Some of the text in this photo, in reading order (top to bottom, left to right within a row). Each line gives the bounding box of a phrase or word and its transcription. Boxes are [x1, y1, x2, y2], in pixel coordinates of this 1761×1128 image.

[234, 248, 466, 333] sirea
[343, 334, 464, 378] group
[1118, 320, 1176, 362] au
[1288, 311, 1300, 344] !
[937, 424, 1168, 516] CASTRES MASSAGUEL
◇ ◇ ◇ ◇ ◇
◆ **Task to complete**: Repeat the whole listing verbatim.

◆ **Exercise output**:
Some of the text in this photo, in reading order (top to bottom, left to right within a row). Each line gives the bounding box of a phrase or word and its transcription. Boxes are [x1, y1, x2, y2], in pixel coordinates of this 1761×1128 image.

[234, 248, 466, 333] sirea
[343, 334, 464, 378] group
[1118, 320, 1176, 362] au
[1288, 311, 1300, 344] !
[937, 424, 1168, 516] CASTRES MASSAGUEL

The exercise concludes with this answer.